DESCRIPTION OF THE TASK:
Reproduce all entries below verbatim. Skip the pictures.

== MATERIALS PROVIDED ==

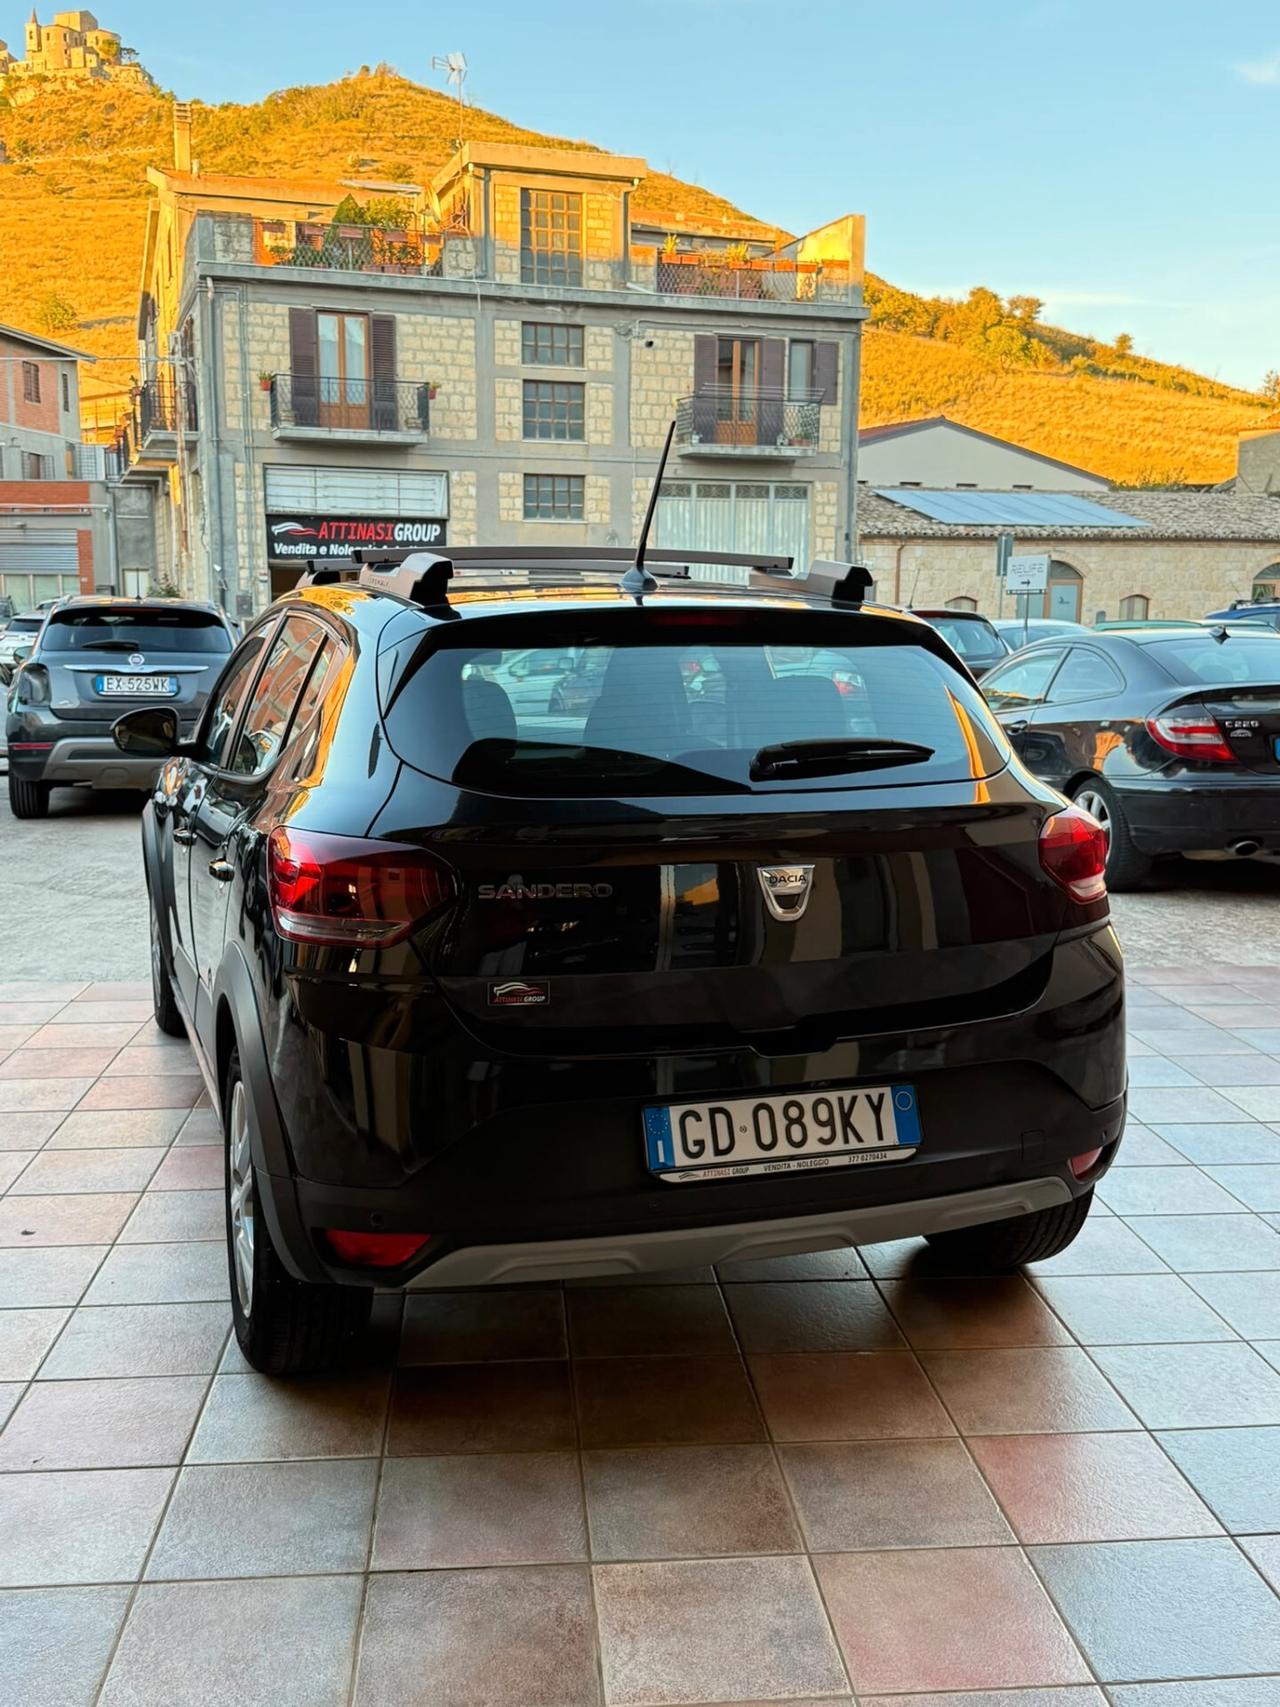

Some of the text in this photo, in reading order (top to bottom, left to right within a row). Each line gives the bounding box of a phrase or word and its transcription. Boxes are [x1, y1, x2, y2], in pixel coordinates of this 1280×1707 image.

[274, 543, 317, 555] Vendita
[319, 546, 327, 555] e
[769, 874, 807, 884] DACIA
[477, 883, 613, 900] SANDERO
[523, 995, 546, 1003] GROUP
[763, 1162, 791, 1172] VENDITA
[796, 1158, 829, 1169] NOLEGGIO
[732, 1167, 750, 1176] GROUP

===

FINAL ANSWER:
Some of the text in this photo, in reading order (top to bottom, left to right within a row). Each line gives the bounding box of a phrase or word and its transcription. Boxes are [x1, y1, x2, y2], in pixel coordinates of this 1280×1707 image.

[274, 543, 317, 555] Vendita
[319, 546, 327, 555] e
[769, 874, 807, 884] DACIA
[477, 883, 613, 900] SANDERO
[523, 995, 546, 1003] GROUP
[763, 1162, 791, 1172] VENDITA
[796, 1158, 829, 1169] NOLEGGIO
[732, 1167, 750, 1176] GROUP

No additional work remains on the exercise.